I believe that HIT professionals may be reluctant to make actively structured information a requirement because (1) they lack expertise and familiarity with the downstream uses of the data for care process improvement and measurement, and (2) they are concerned that the added burden of actively structured data capture on end-user clinicians may further worsen their problems with “clinical adoption” of their technology.   They are attracted to solutions that extract passively structured information from clinical notes, such as voice-recognition and “clinical language understanding” (CLU).  And they don’t realize that the big pile of passively structured data output by such solutions will fail to meet the requirements of Accountable Care Organizations.

To solve the problem, two main things are necessary:

  1. Refocus the design objectives of EHR products on the strategic goals of Accountable Care, rather than on the tactical goals of reducing medical records cost, “going paperless” or reducing security risks.  The biggest implication of this will be the integration of analytic and care process management functionality into EHRs, rather than viewing those as separate solutions to different problems.

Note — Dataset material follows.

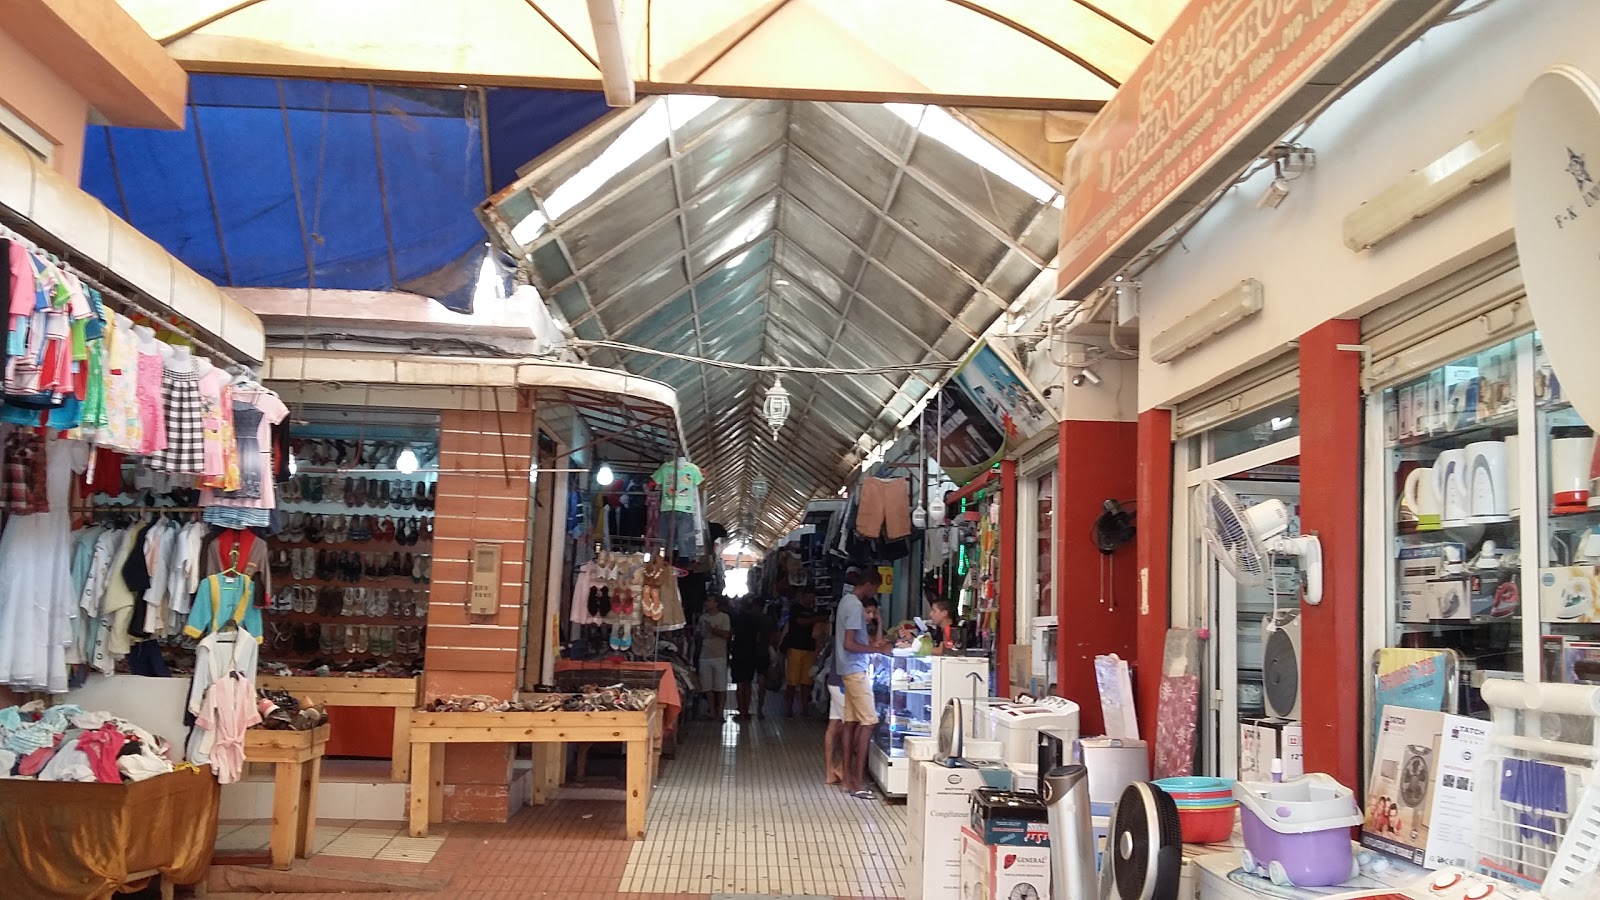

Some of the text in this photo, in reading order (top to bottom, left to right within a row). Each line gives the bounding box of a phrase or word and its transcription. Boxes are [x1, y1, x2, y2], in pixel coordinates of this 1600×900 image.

[1113, 0, 1278, 191] ALPHA ELECTRO
[1459, 725, 1485, 736] TATCH
[1017, 856, 1047, 864] GENERAL

  2. Create stronger organizational linkages between HIT professionals, the clinical leaders involved in care process improvement and the epidemiologists and biostatisticians that have the expertise to measure provider performance and treatment effectiveness.  Many hospitals, physician organizations and nascent ACOs are attempting to do this by hiring “chief medical informatics officers” (CMIOs).  But that will only solve this problem if the new CMIOs can bridge between HIT, process improvement and measurement disciplines.  If the CMIO role is viewed more narrowly as a liason between HIT professionals and front line clinician users, the focus will continue to be on unstructured or passively structured data to reduce barriers to HIT adoption.